La Tragedia de Pepito: El Trading Que No Vendió
Érase una vez en Medellín, un tipo llamado Pepito. Pepito tenía un curso de trading que, según él, era la octava maravilla del mundo. Sabía de soportes, resistencias, velas japonesas y hasta Fibonacci. Pero había un problema: nadie se apuntaba. Su web era más solitaria que un café en el centro a las 3 de la mañana.
‘¿Qué estoy haciendo mal?’, se preguntaba Pepito mientras se tomaba un tinto en el Café Pergamino. Ahí fue cuando aparecí yo. ‘Pepito’, le dije, ‘tu curso es bueno, pero tu marketing es un asco’. Él me miró como si le hubiera insultado a su abuela. ‘¿Cómo que un asco?’, preguntó indignado. Así que le solté la bomba: ‘Tu web parece un cementerio, tus redes son más aburridas que una telenovela repetida y ni siquiera sabes quién es tu cliente ideal’. Ahí empezó la lección…
Por qué tu web parece un cementerio
La web de Pepito era un desastre. Fondo negro, letras blancas y un montón de texto que parecía el guión de una película de terror. Nadie quería pasar más de 3 segundos allí. ‘Es elegante’, decía Pepito. Elegante, sí, pero como un ataúd.
La primera regla del marketing digital es clara: tu web es tu tienda. Si entra un cliente y no entiende en menos de 5 segundos qué estás vendiendo, adiós. ¿Quieres vender cursos de trading en Medellín? Genial, pero díselo claro. ‘Aprende Trading desde cero y gana tu libertad financiera’. Eso sí que vende.

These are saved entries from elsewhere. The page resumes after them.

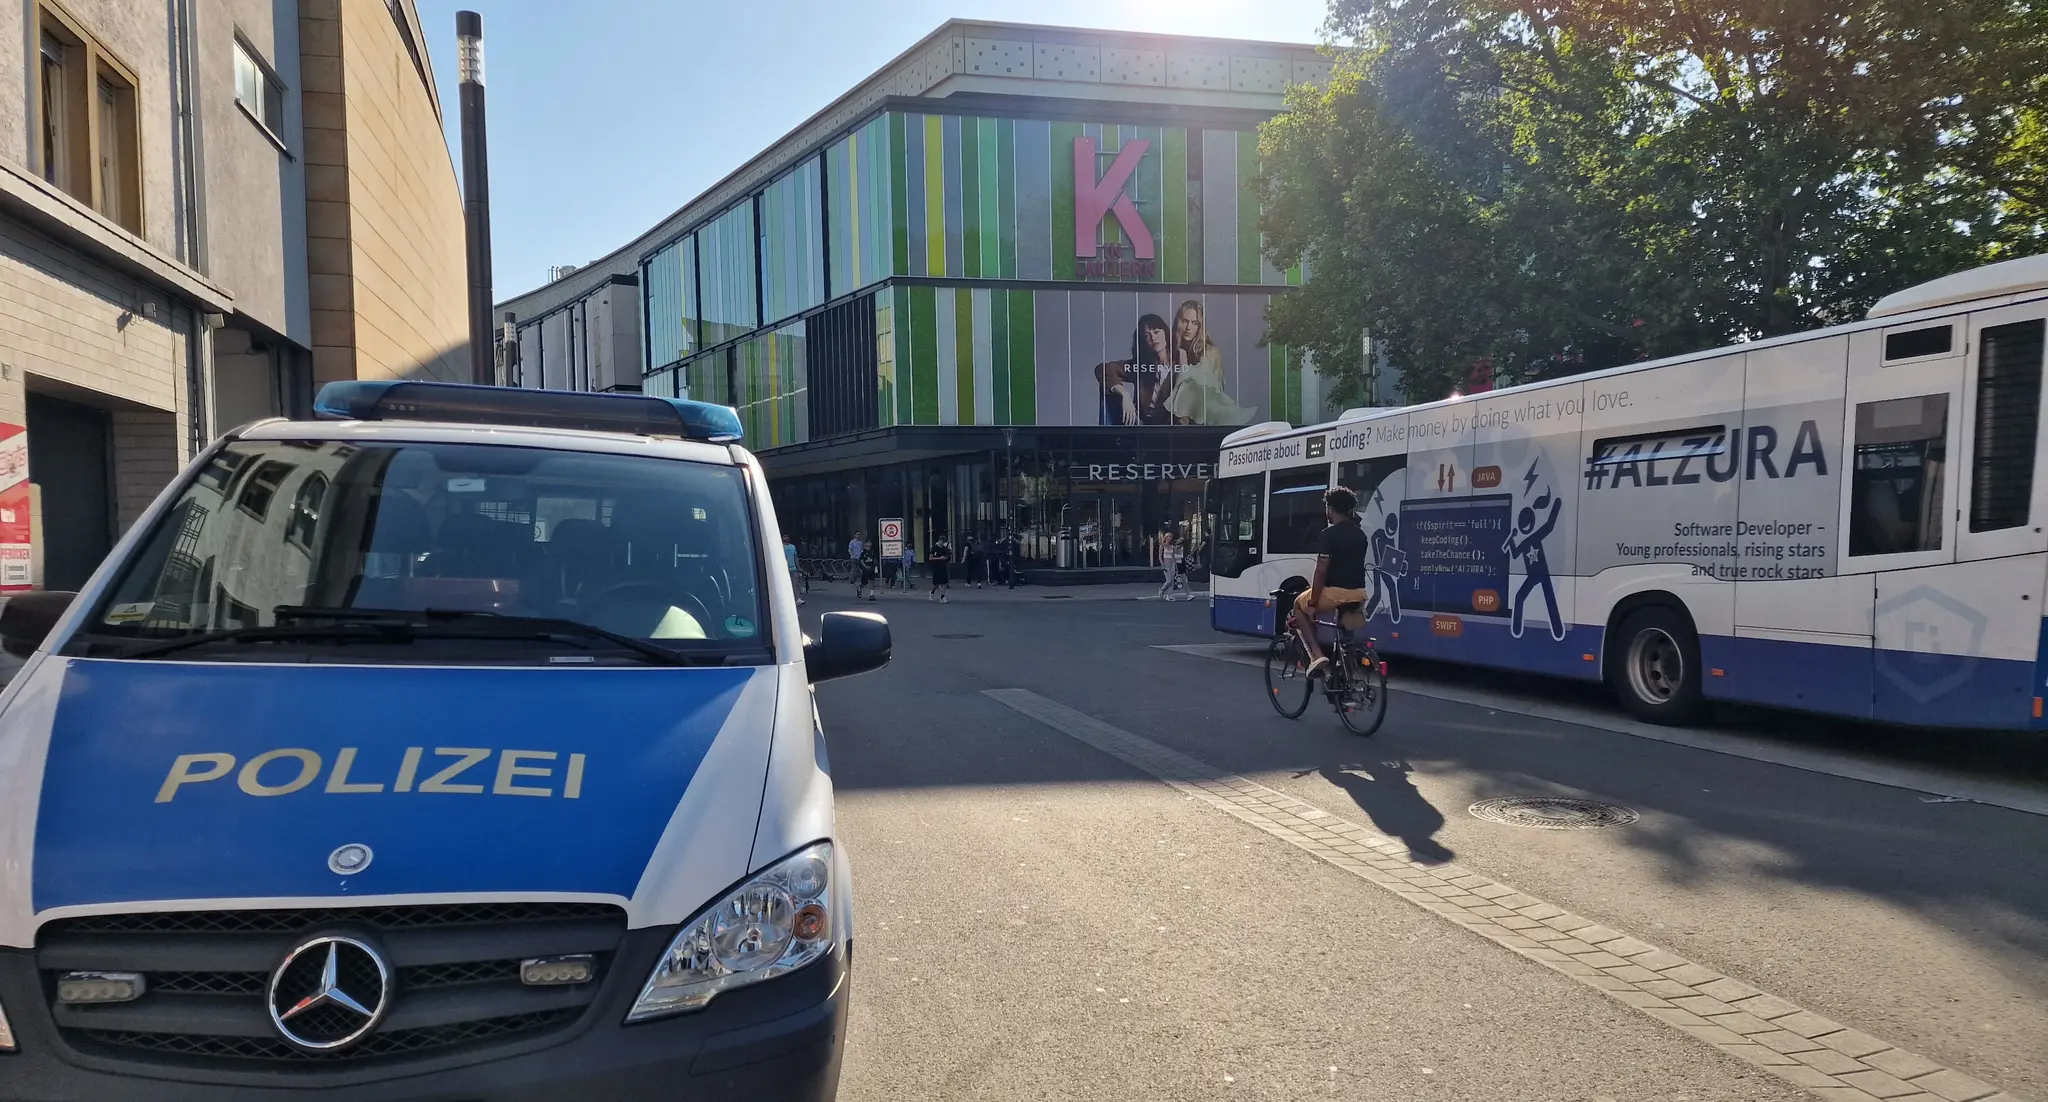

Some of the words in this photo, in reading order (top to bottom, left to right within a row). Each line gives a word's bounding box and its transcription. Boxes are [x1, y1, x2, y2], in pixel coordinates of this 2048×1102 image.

[1073, 137, 1155, 259] K
[1124, 363, 1189, 373] RESERVED
[1228, 447, 1272, 467] Passionate
[1274, 440, 1301, 459] about
[1329, 427, 1372, 451] coding?
[1376, 424, 1405, 443] Make
[1408, 419, 1449, 439] money
[1452, 414, 1468, 433] by
[1472, 408, 1509, 430] doing
[1514, 402, 1551, 425] what
[1556, 397, 1584, 417] you
[1593, 389, 1634, 412] love.
[1584, 420, 1829, 490] #ALZURA
[1476, 473, 1496, 483] JAVA
[1674, 522, 1732, 537] Software
[1736, 520, 1813, 538] Developer
[1616, 542, 1651, 558] Young
[1654, 542, 1740, 559] professionals,
[1744, 542, 1784, 560] rising
[1788, 543, 1825, 557] stars
[1691, 562, 1715, 577] and
[1719, 564, 1748, 578] true
[1751, 563, 1783, 579] rock
[1787, 566, 1824, 579] stars
[1478, 595, 1494, 605] PHP
[1435, 620, 1457, 631] SWIFT
[153, 747, 586, 803] POLIZEI
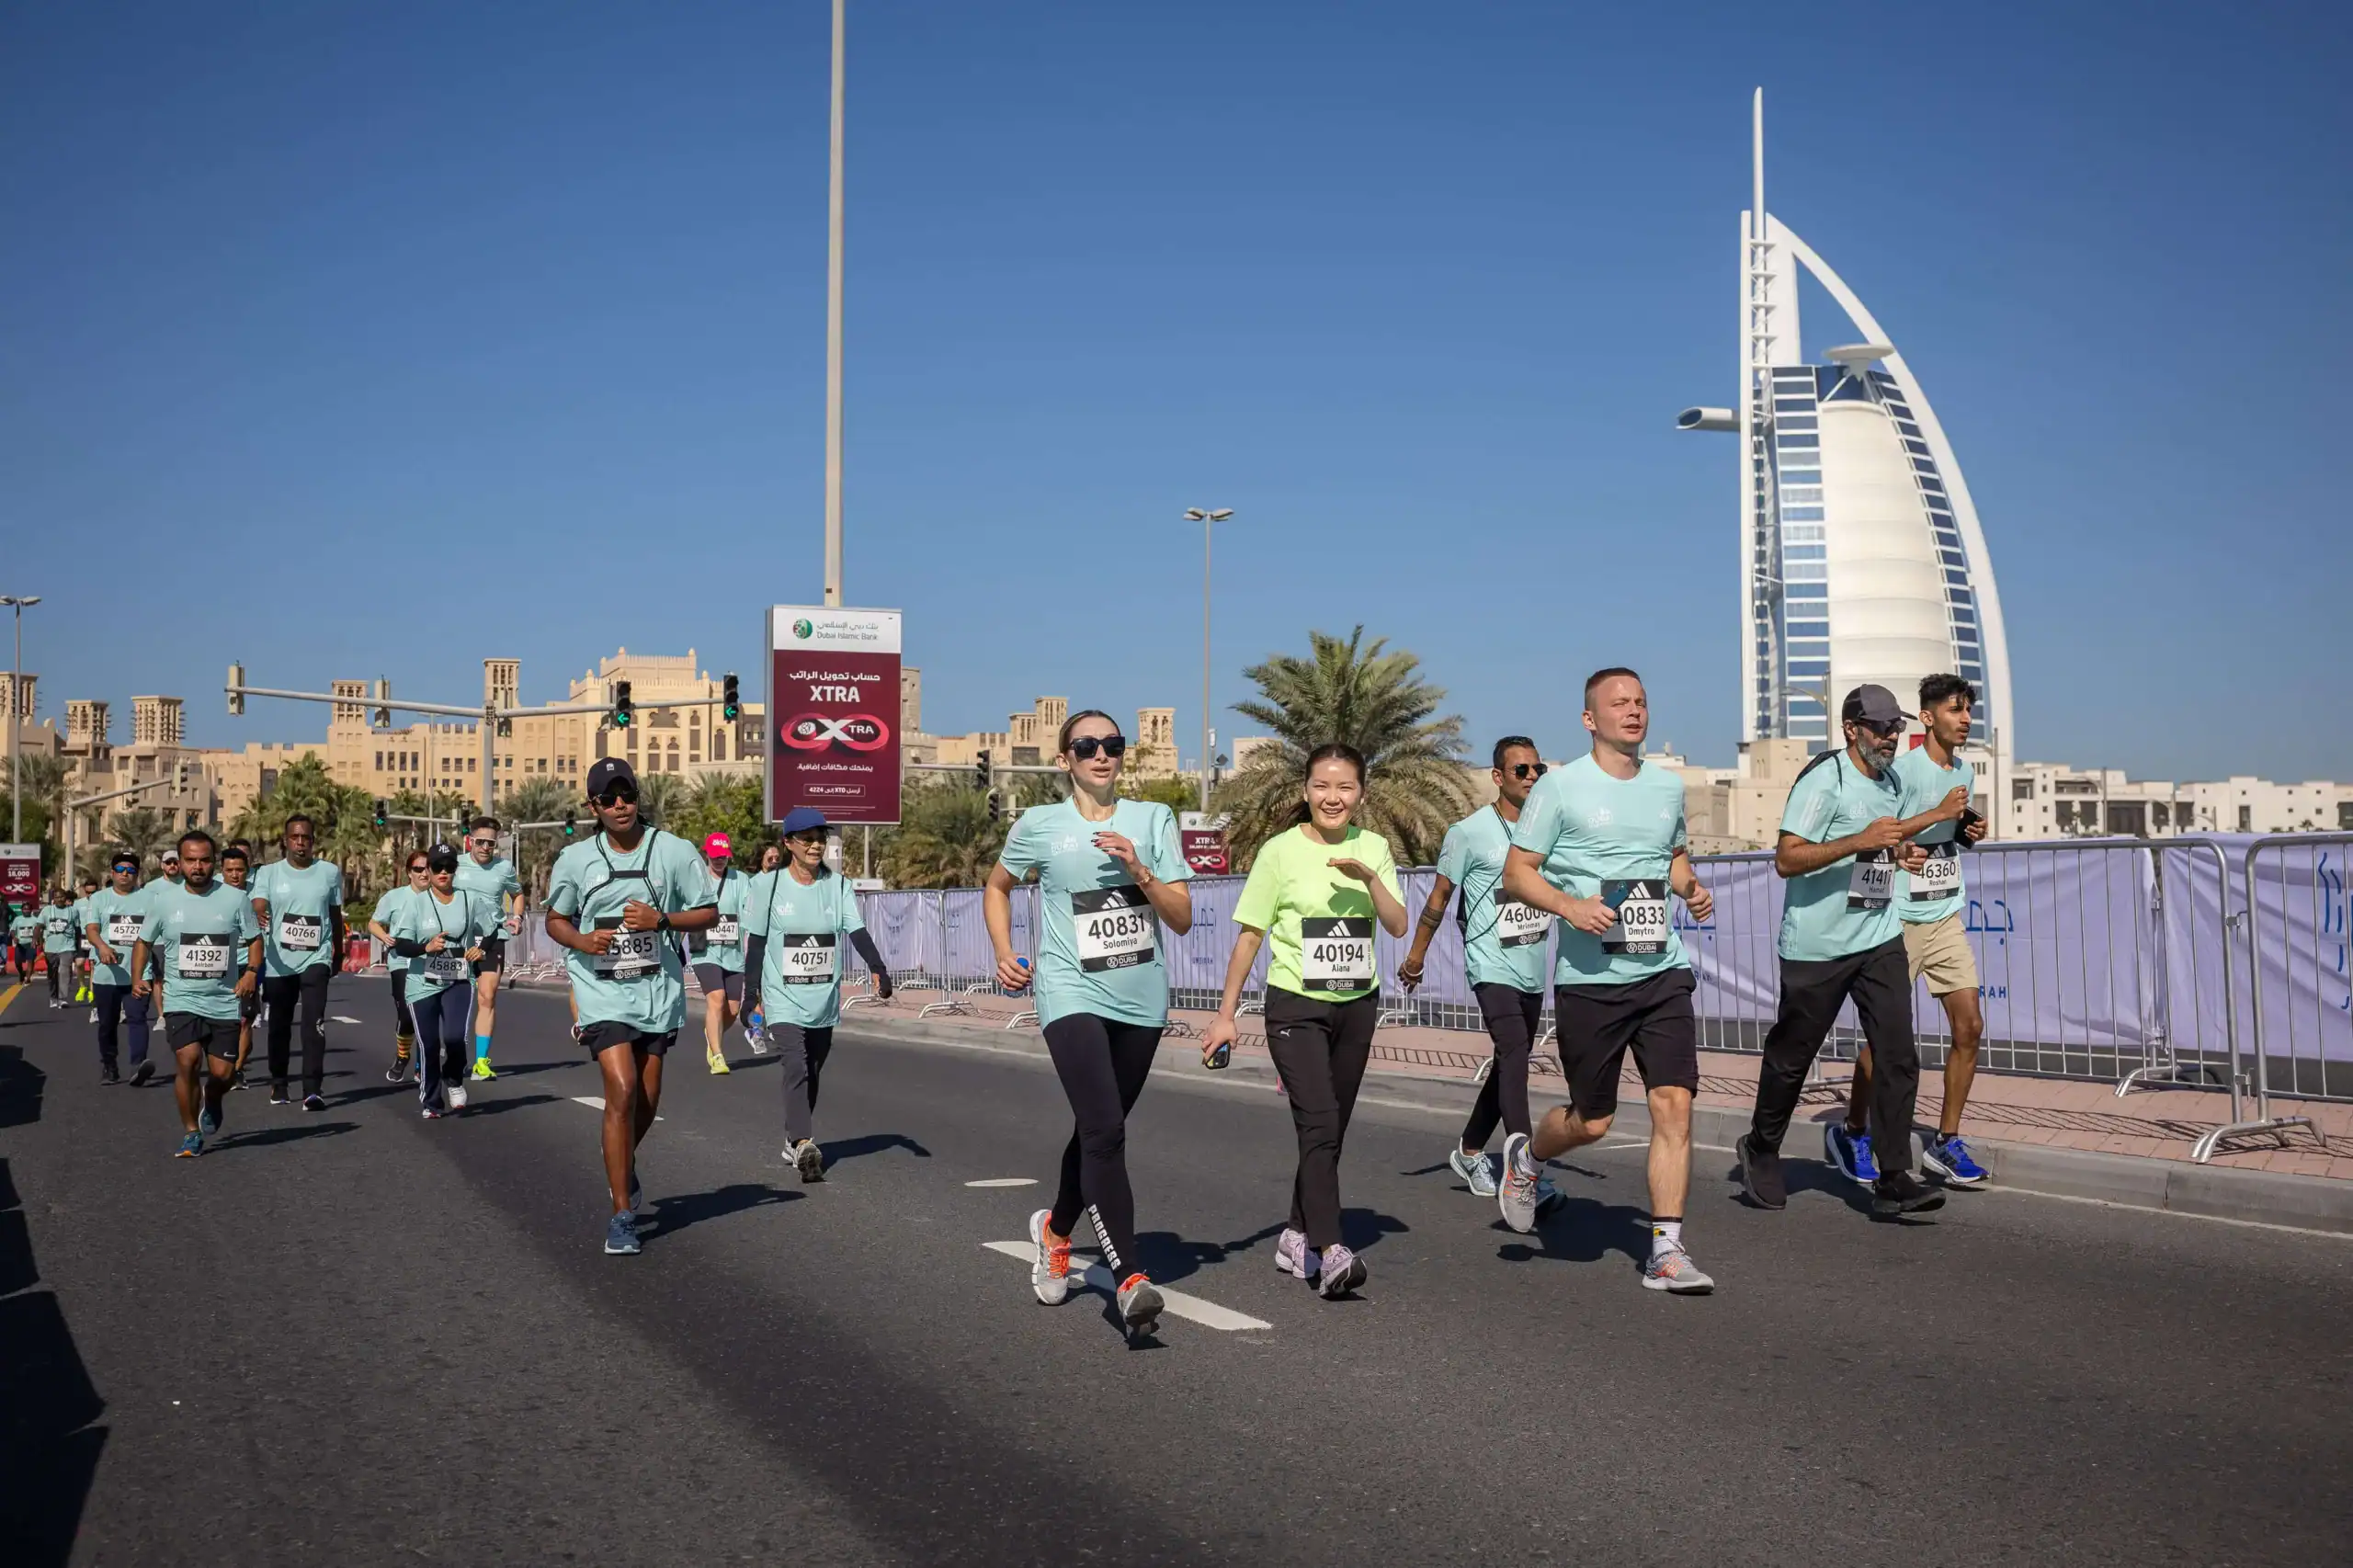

Redes sociales: No seas el abuelo del WhatsApp
Pepito también tenía redes sociales. Pero sus publicaciones eran tan inspiradoras como un manual de instrucciones de un microondas. ‘Hoy hablaremos de los indicadores técnicos’, ponía. Y claro, nadie le daba like. ¿Por qué? Porque nadie quiere clases gratuitas. Quieren emociones, historias, resultados.
‘Pero yo soy serio’, decía Pepito. Serio está bien, pero aburrido no. Piensa en esto: ¿quién va a Medellín a buscar cursos de trading? Gente que quiere cambiar su vida, que está cansada de la rutina, que quiere libertad financiera. Cuéntales historias. ‘Hace un año, yo estaba atrapado en un trabajo que odiaba. Hoy gano más desde mi casa que en la oficina’. Eso sí que engancha.
El cliente ideal: No todo el mundo es tu cliente
Aquí viene otro error común. Pepito pensaba que su curso era para todo el mundo. ‘Desde estudiantes hasta jubilados’, decía. Error fatal. Si intentas venderle a todos, no le vendes a nadie.
El cliente ideal de Pepito debería ser alguien como Juan, un tipo de 30 años que trabaja en una empresa pero quiere independizarse. O María, una madre soltera que busca ingresos extra. Define a tu cliente ideal y habla directamente con él. ‘¿Cansado de trabajar para otros? Aprende trading y toma el control de tu economía’. Eso sí que llega.
De la teoría a la acción: Cómo hacerlo bien
Volviendo a Pepito, después de nuestra conversación, decidió cambiar su estrategia. Primero, rediseñó su web. Fondos claros, textos cortos y un botón grande y rojo que decía ‘Empieza aquí’. Luego, transformó sus redes. Publicó videos cortos contando su historia y compartiendo tips útiles. Finalmente, definió a su cliente ideal y creó anuncios pensados específicamente para él.
El resultado? En un mes, había duplicado sus ventas. ‘No puedo creerlo’, me dijo. ‘Es como si hubiera descubierto el fuego’. Y eso es lo que pasa cuando haces las cosas bien.
Conclusión: No seas otro Pepito
Si estás en Medellín vendiendo cursos de trading, no cometas los mismos errores que Pepito. Tu web debe ser clara y atractiva, tus redes deben contar historias que enganchen y debes saber exactamente quién es tu cliente ideal. No hay magia, solo estrategia. ¿Listo para empezar? Entonces deja de leer y ponte manos a la obra.